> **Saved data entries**
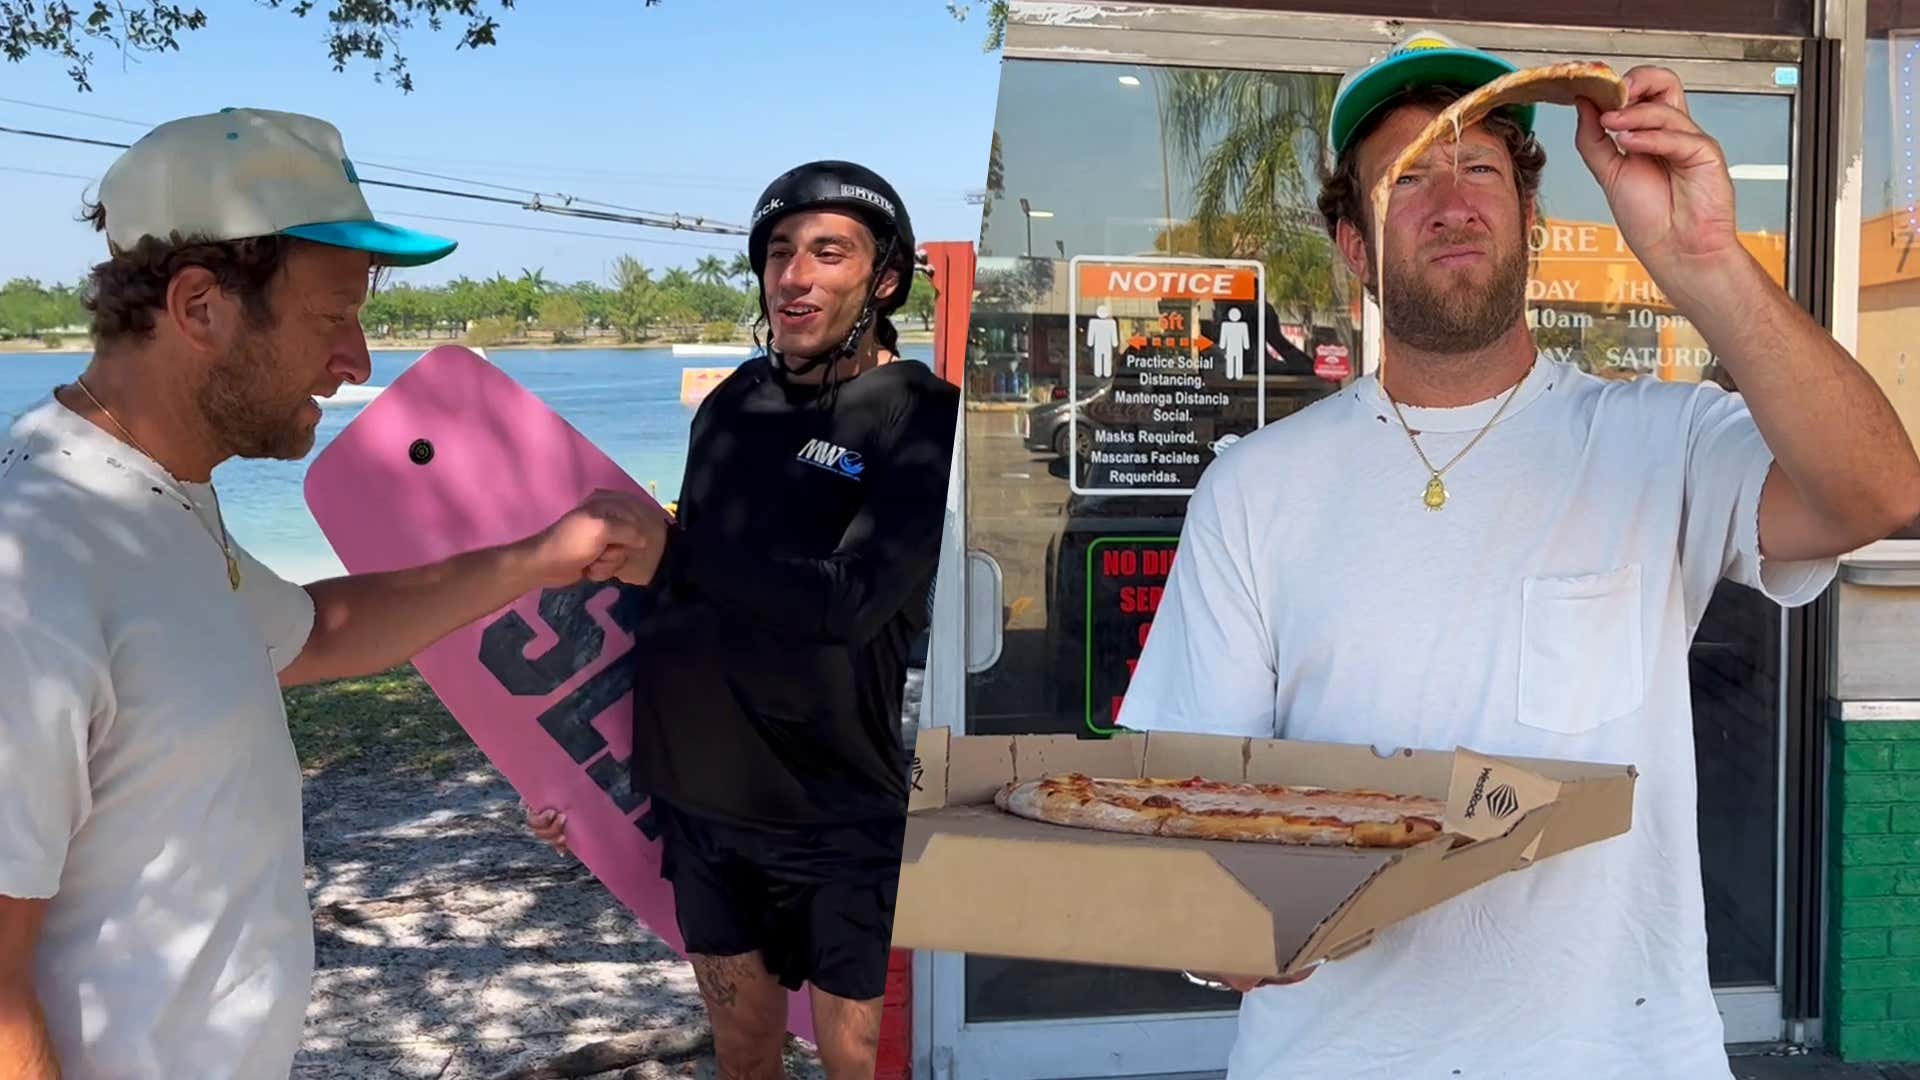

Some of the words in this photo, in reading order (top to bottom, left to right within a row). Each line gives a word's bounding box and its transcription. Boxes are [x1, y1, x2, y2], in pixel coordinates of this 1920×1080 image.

[1108, 270, 1235, 295] NOTICE
[1159, 311, 1185, 332] 6ft
[1534, 308, 1593, 329] 10am
[1126, 354, 1175, 370] Practice
[1177, 354, 1214, 370] Social
[1139, 372, 1206, 389] Distancing.
[1115, 390, 1173, 407] Mantenga
[1175, 391, 1230, 406] Distancia
[1153, 408, 1193, 422] Social.
[1095, 429, 1135, 444] Masks
[1138, 430, 1199, 446] Required.
[1091, 450, 1149, 464] Mascaras
[1151, 450, 1200, 465] Faciales
[1109, 469, 1181, 485] Requeridas.
[1103, 549, 1137, 577] NO
[1464, 767, 1493, 818] WestRock
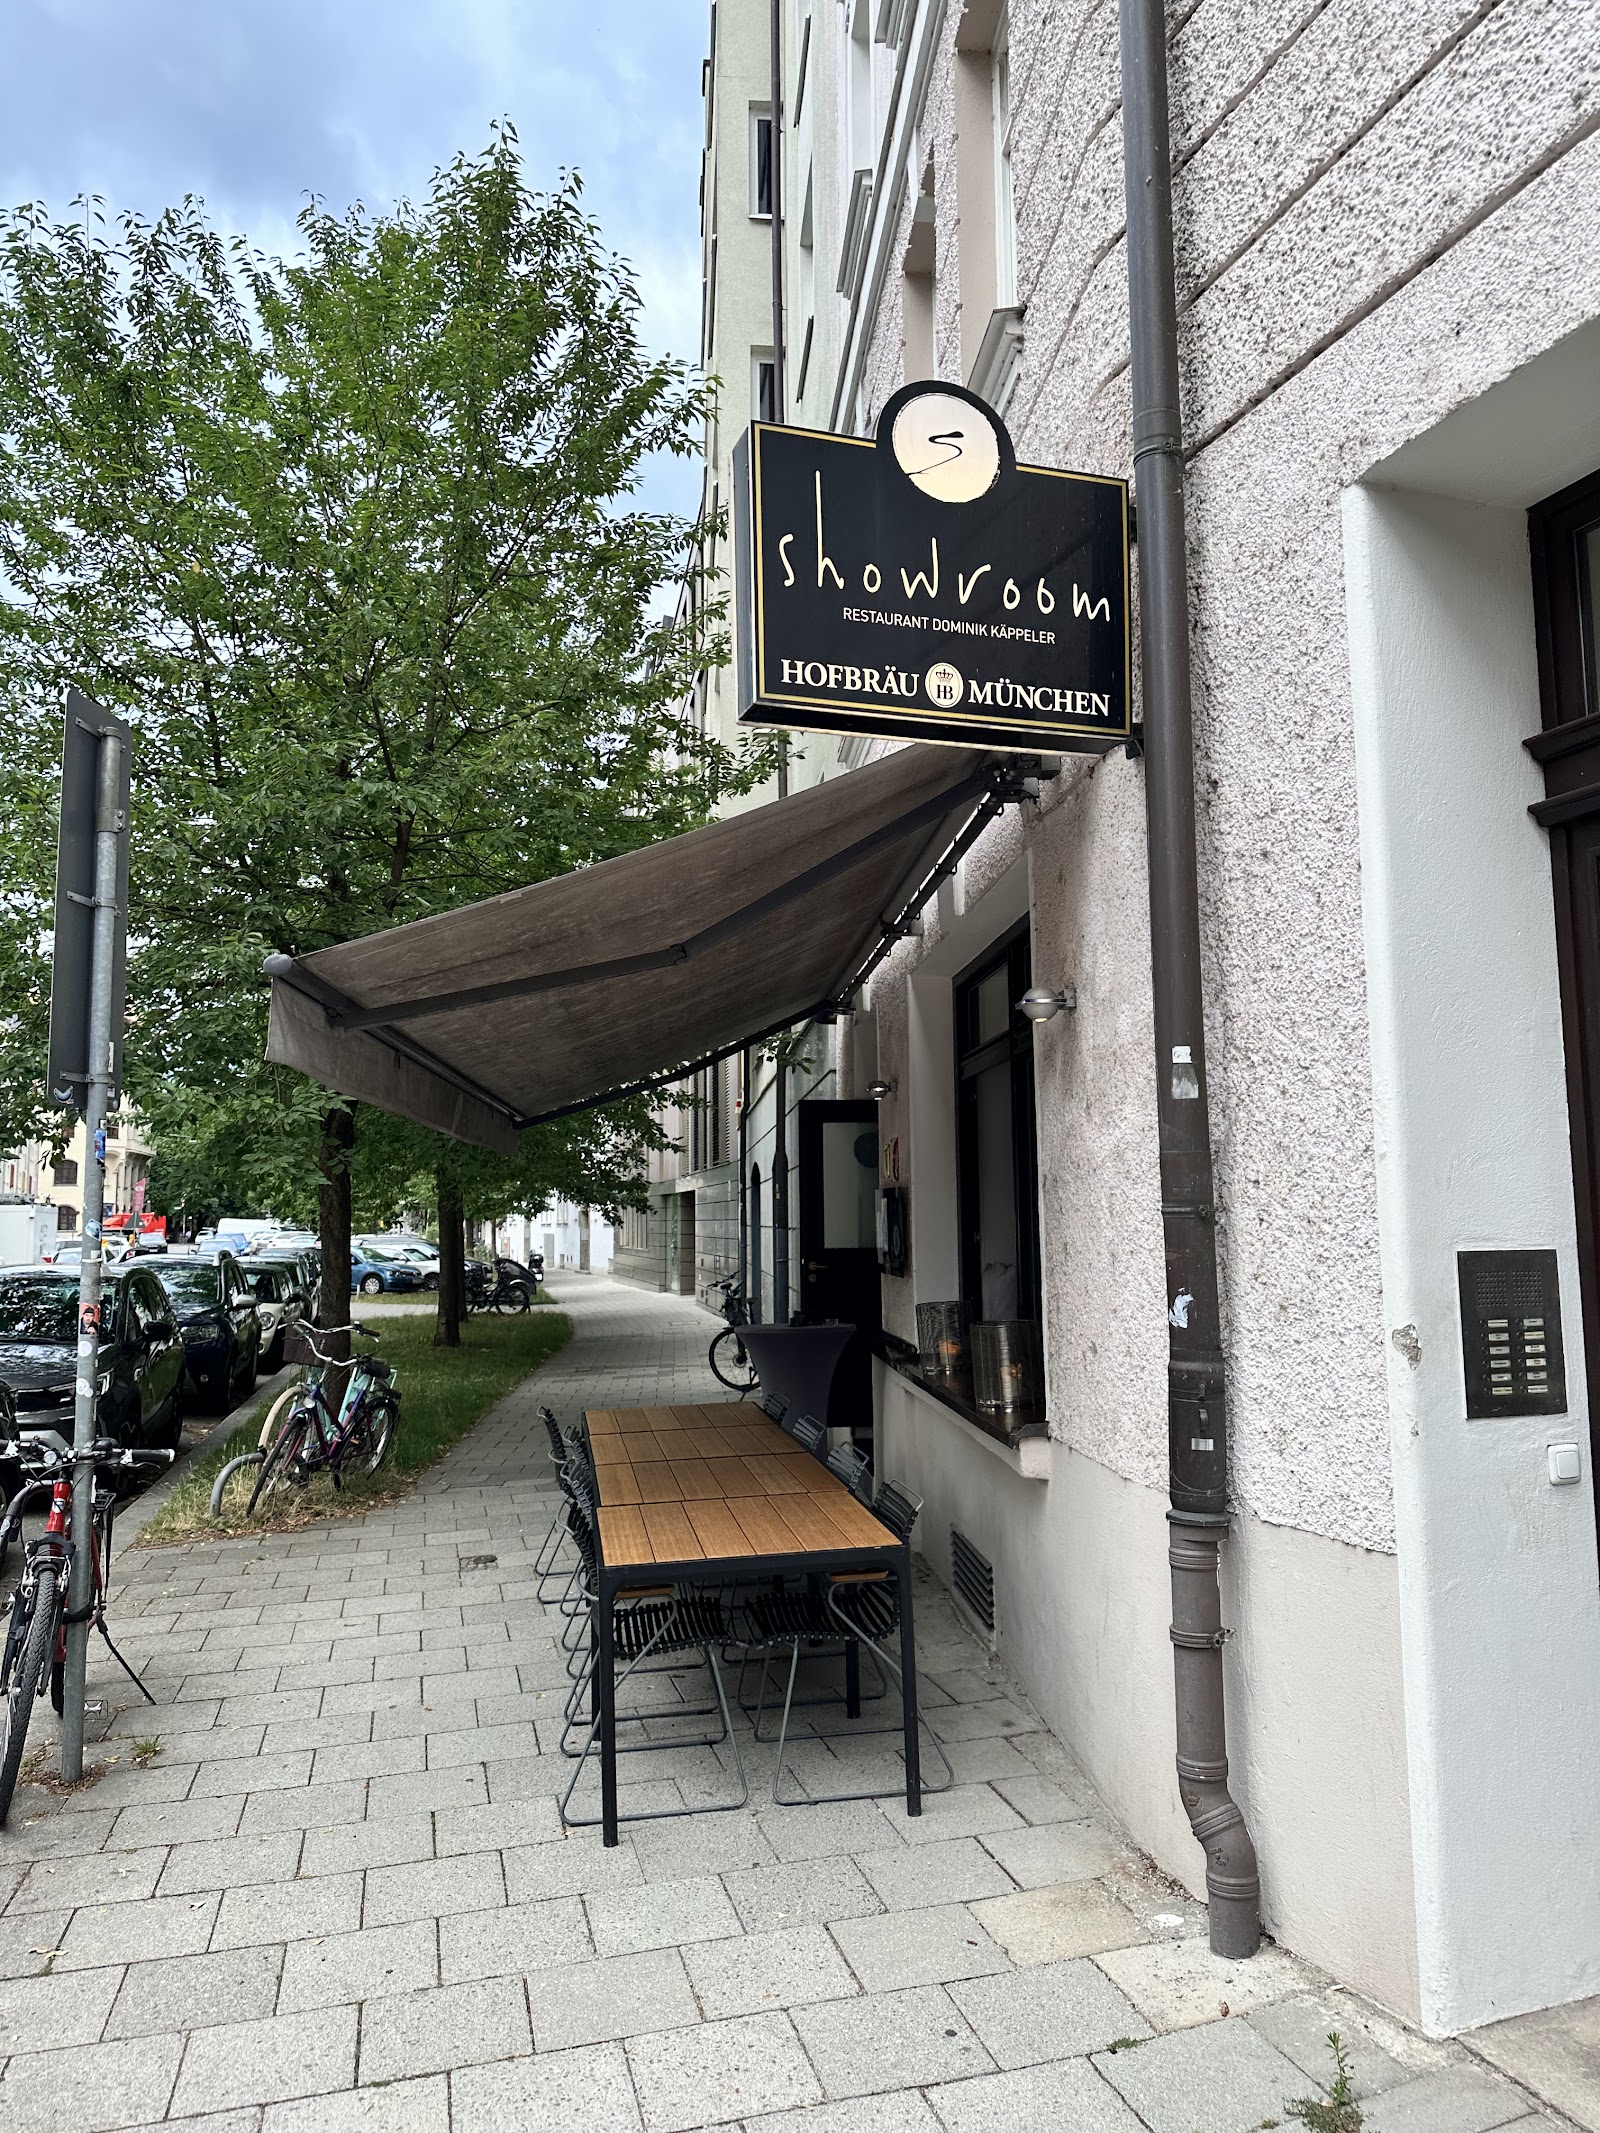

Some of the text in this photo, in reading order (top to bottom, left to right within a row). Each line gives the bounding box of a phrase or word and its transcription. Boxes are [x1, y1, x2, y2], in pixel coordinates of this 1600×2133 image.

[779, 470, 1111, 622] showroom
[843, 607, 1056, 645] RESTAURANT DOMINIK KÄPPELER
[780, 658, 1110, 717] HOFBRÄU HB MÜNCHEN
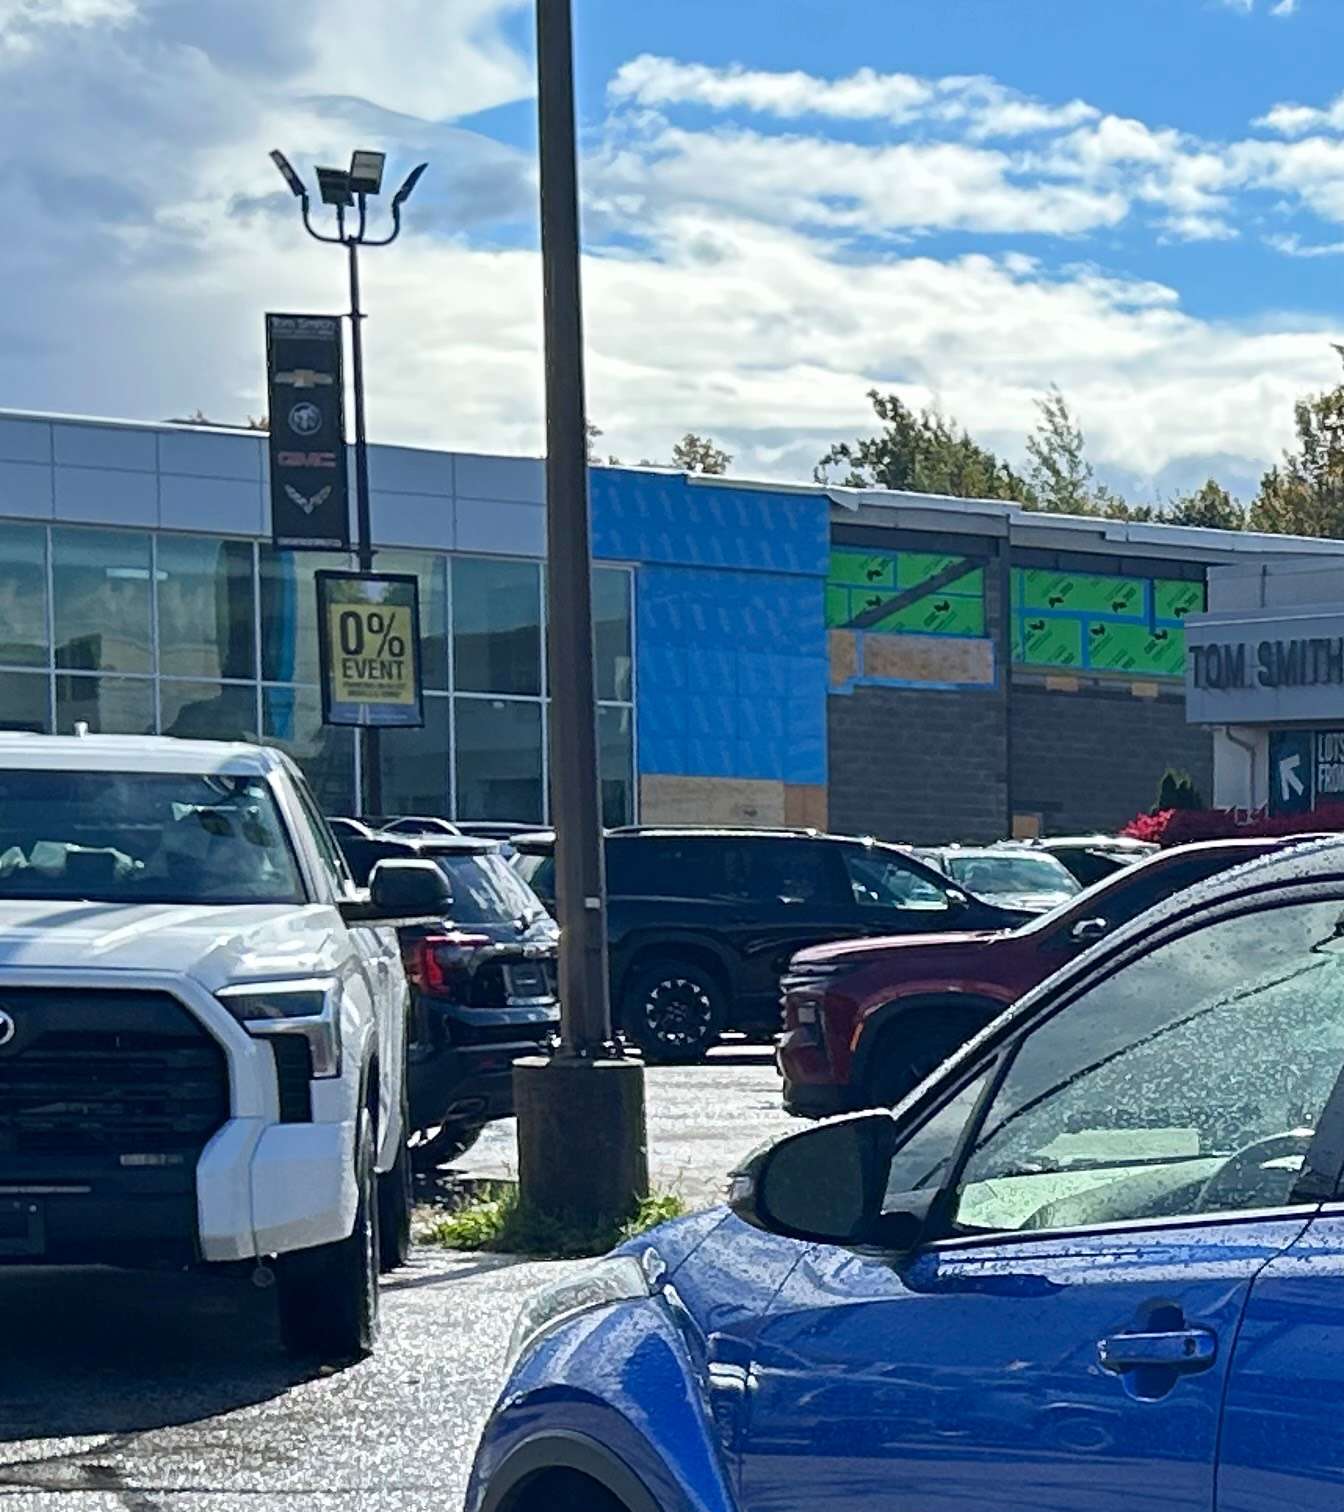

> **PROBLEM**
From the line containing "Some of the text" down to the last line of the entries above, retype each line exactly as it stands, but skip the pictures.

> **EXPECTED ANSWER**
Some of the text in this photo, in reading order (top to bottom, left to right within a row). Each line gives the bounding box of a phrase or word and its transcription. Boxes are [x1, y1, x2, y2], in pixel coordinates of this 1600×2133 image.

[779, 470, 1111, 622] showroom
[843, 607, 1056, 645] RESTAURANT DOMINIK KÄPPELER
[780, 658, 1110, 717] HOFBRÄU HB MÜNCHEN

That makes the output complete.